*** The input ***

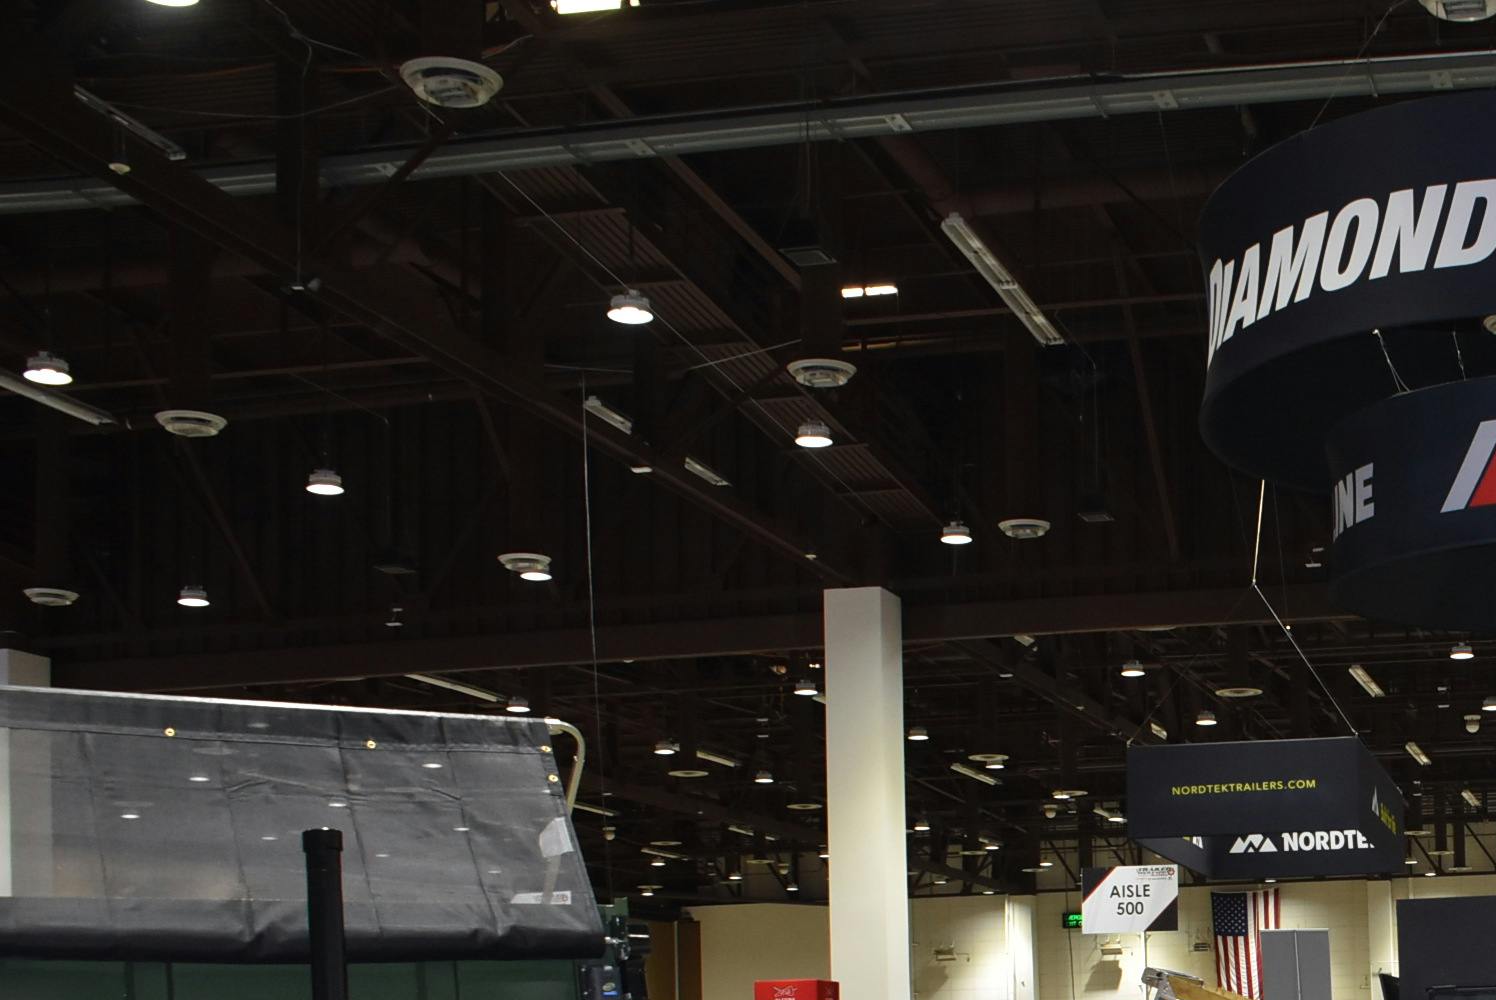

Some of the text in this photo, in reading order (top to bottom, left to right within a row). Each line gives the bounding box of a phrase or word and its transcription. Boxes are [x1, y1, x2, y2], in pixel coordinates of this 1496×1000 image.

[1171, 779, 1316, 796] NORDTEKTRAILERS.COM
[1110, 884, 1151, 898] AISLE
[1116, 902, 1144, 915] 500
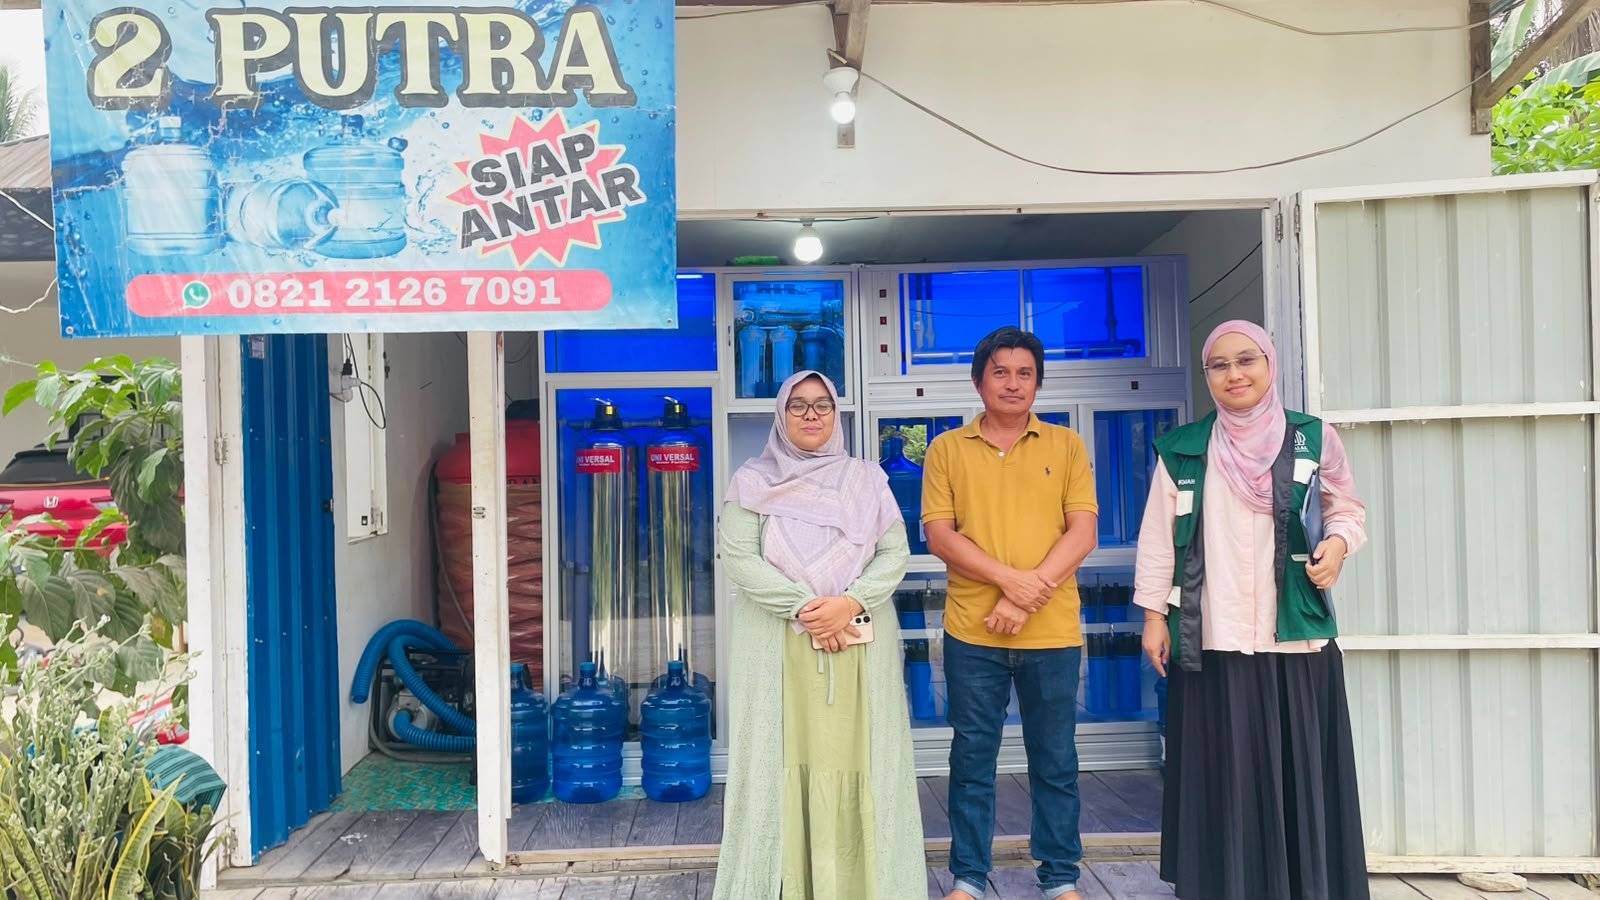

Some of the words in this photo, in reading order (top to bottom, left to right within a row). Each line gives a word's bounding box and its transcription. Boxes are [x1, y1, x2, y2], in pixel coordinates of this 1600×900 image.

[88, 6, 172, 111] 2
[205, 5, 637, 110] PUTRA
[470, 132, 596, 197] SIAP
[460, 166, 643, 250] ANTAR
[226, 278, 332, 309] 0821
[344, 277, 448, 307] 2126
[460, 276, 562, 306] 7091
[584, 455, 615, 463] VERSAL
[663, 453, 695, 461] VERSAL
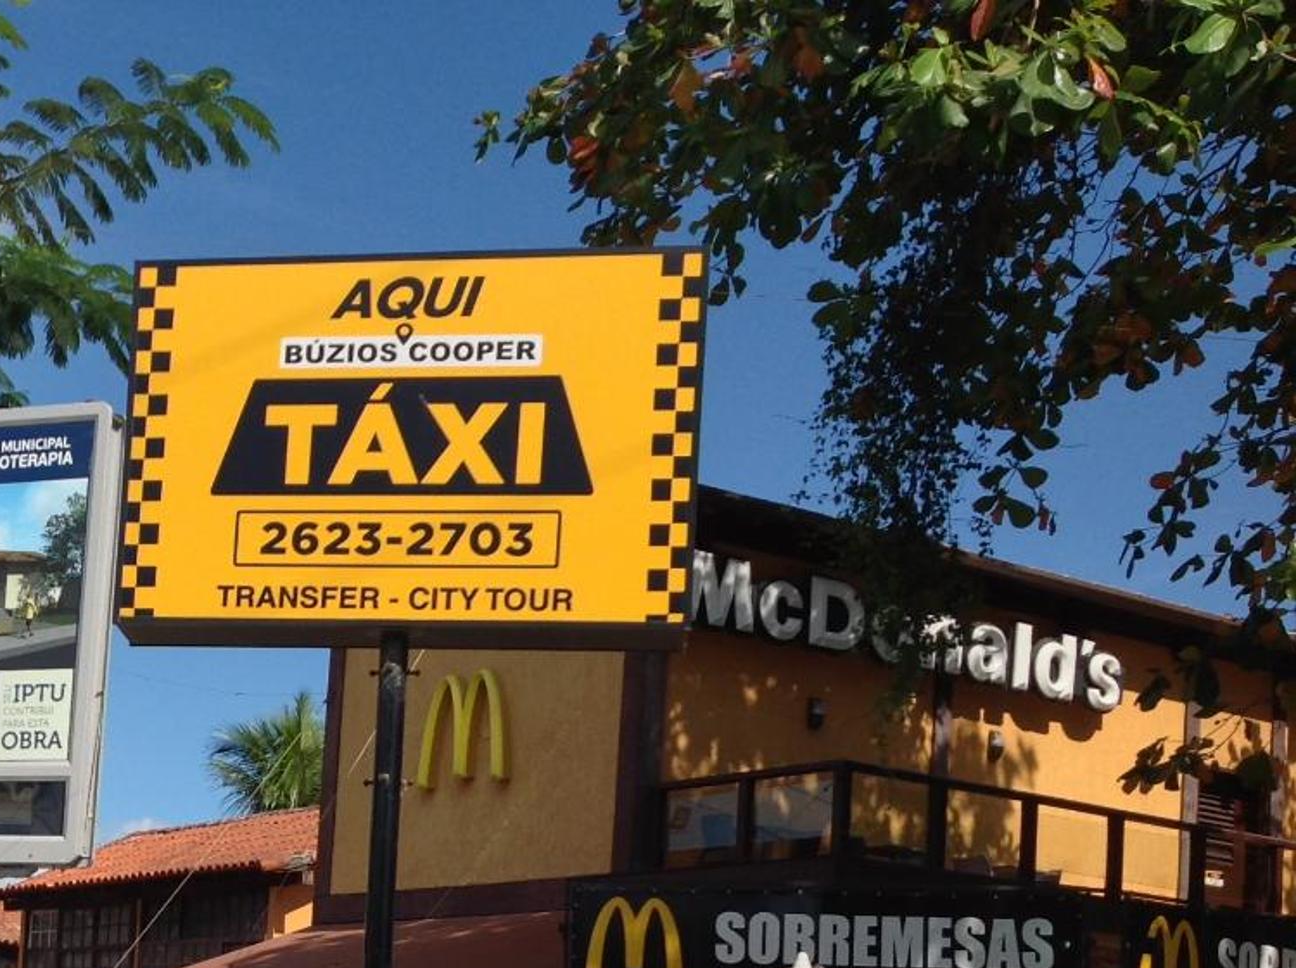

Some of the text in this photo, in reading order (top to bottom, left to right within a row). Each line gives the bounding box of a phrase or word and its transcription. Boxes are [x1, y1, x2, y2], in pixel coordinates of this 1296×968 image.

*** End of The input ***

### Exercise prompt
The reply should hold every entry above, given again exactly, but not a single picture.

### Response for this exercise
Some of the text in this photo, in reading order (top to bottom, left to right within a row). Each line gives the bounding box of a phrase or word and its transcription. Boxes are [x1, y1, x2, y2], in pixel coordinates of this 1496×1000 image.

[1171, 779, 1316, 796] NORDTEKTRAILERS.COM
[1110, 884, 1151, 898] AISLE
[1116, 902, 1144, 915] 500

Some of the words in this photo, in reading order (top to bottom, left to right within a row). Each line gives a word's bounding box and its transcription. Boxes are [x1, y1, x2, y2], in pixel coordinates of this 1600×900 image.

[88, 6, 172, 111] 2
[205, 5, 637, 110] PUTRA
[470, 132, 596, 197] SIAP
[460, 166, 643, 250] ANTAR
[226, 278, 332, 309] 0821
[344, 277, 448, 307] 2126
[460, 276, 562, 306] 7091
[584, 455, 615, 463] VERSAL
[663, 453, 695, 461] VERSAL

Some of the text in this photo, in reading order (top to bottom, left to right within a row). Each line gives the bounding box of a phrase or word and its transcription. Boxes are [x1, y1, x2, y2], in pixel coordinates of this 1296×968 image.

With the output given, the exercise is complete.